The National Center for Complementary and Alternative Medicine, which I will henceforth refer to as the National Center for the Promotion of Pseudoscience (NCPP), has just released a study claiming that Tai Chi boosts immunity against HVZ (Shingles) virus. There’s something in this paper to make all the alties happy. The anti vaccination crowd will be excited to learn that Tai Chi worked as well as vaccination. For the integrative medicine enthusiasts there was the finding that Tai Chi combined with vaccination worked better than either treatment alone.
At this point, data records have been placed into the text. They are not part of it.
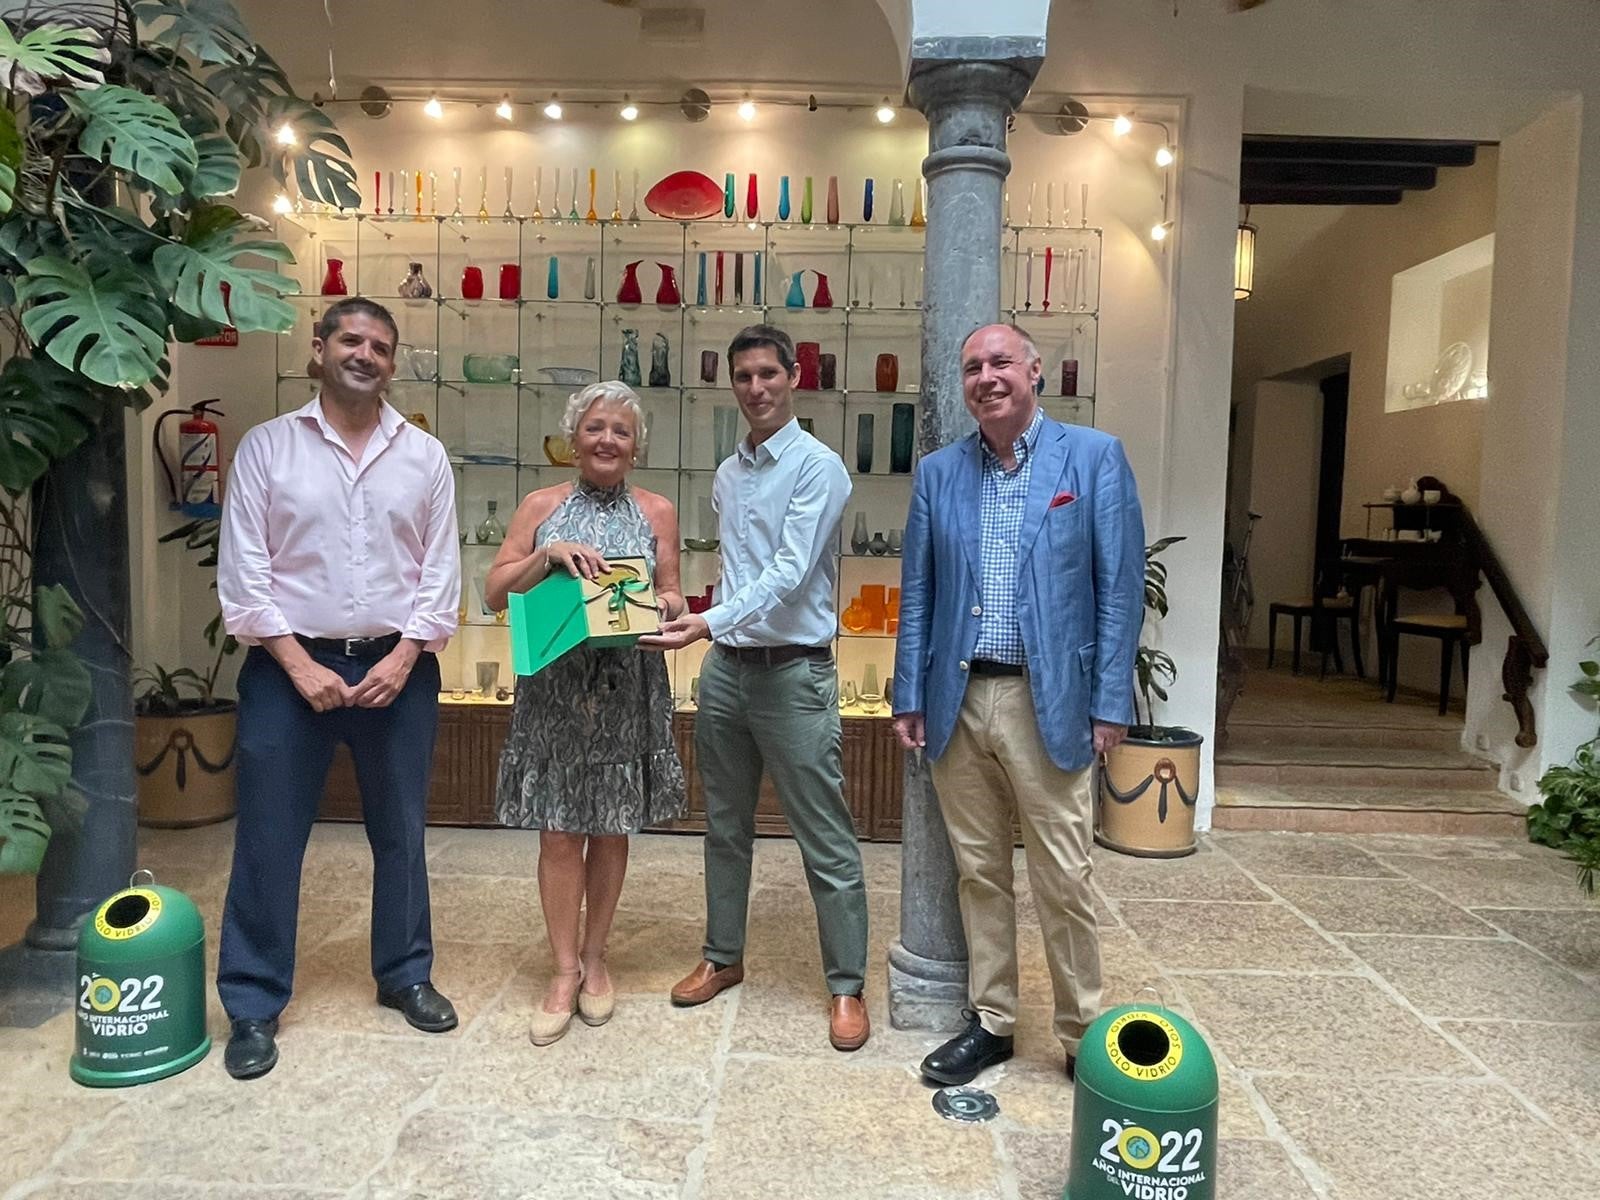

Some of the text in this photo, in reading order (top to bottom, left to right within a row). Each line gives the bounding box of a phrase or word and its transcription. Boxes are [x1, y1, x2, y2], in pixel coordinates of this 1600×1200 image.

[80, 974, 164, 1013] 2022
[89, 1010, 169, 1024] INTERNACIONAL
[91, 1022, 148, 1037] VIDRIO
[1108, 1041, 1177, 1078] SOLO VIDRIO
[1100, 1118, 1203, 1173] 2022
[1092, 1157, 1206, 1187] AÑO INTERNACIONAL
[1120, 1179, 1188, 1200] VIDRIO
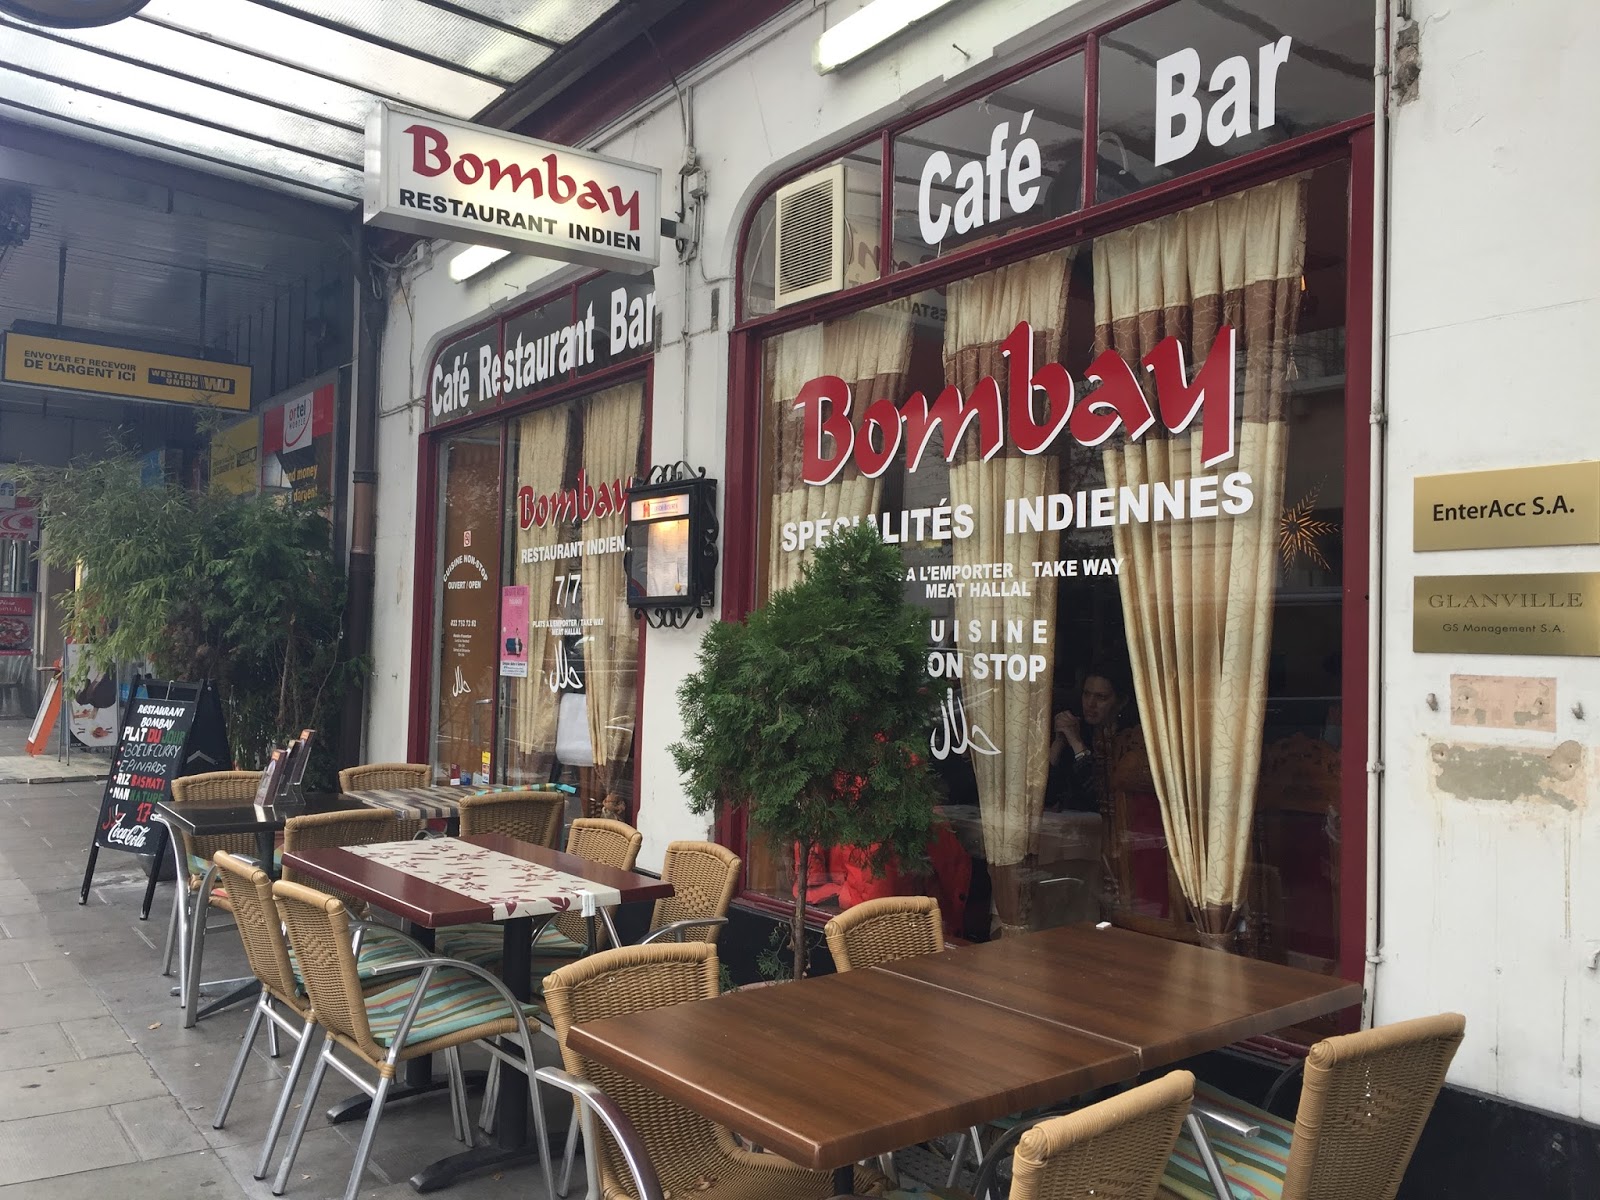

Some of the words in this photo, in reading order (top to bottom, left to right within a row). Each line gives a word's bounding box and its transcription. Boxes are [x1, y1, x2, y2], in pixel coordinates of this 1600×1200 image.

If you ignore the obvious problem of biologic implausibility (the “mechanism” of Tai Chi is said to be the unblocking of the flow of the vital energy Qi along the body’s meridians) the paper appears sound at first glance. With its prospective randomized design, p values and prestigious institutional representation (UCLA and UCSD) it has all the trappings of science. But the ever diligent Orac, in contrast to the sound bite style of the popular media and much of the blogosphere, looked beyond the abstract and, digging deep into the methods section of the paper, discovered that this study proved nothing whatsoever about the effect of Tai Chi on the immune system. Because the control subjects merely “sat on their behinds in a class” the study suggests only that exercise might boost immunity. As Orac points out, to prove any unique effect of Tai Chi a comparison group treated with conventional exercise at a comparable aerobic level, or Tai Chi exercises with the “wrong moves” (a valid Tai Chi placebo for most subjects unschooled in the ways of woo) would have been necessary.

That is a patently obvious, huge, huge design flaw! Why was this study conceived in this way and why was it accepted for publication? Orac suggests a significant conflict of interest: woo is sexy these days, it sells, and it gets funded.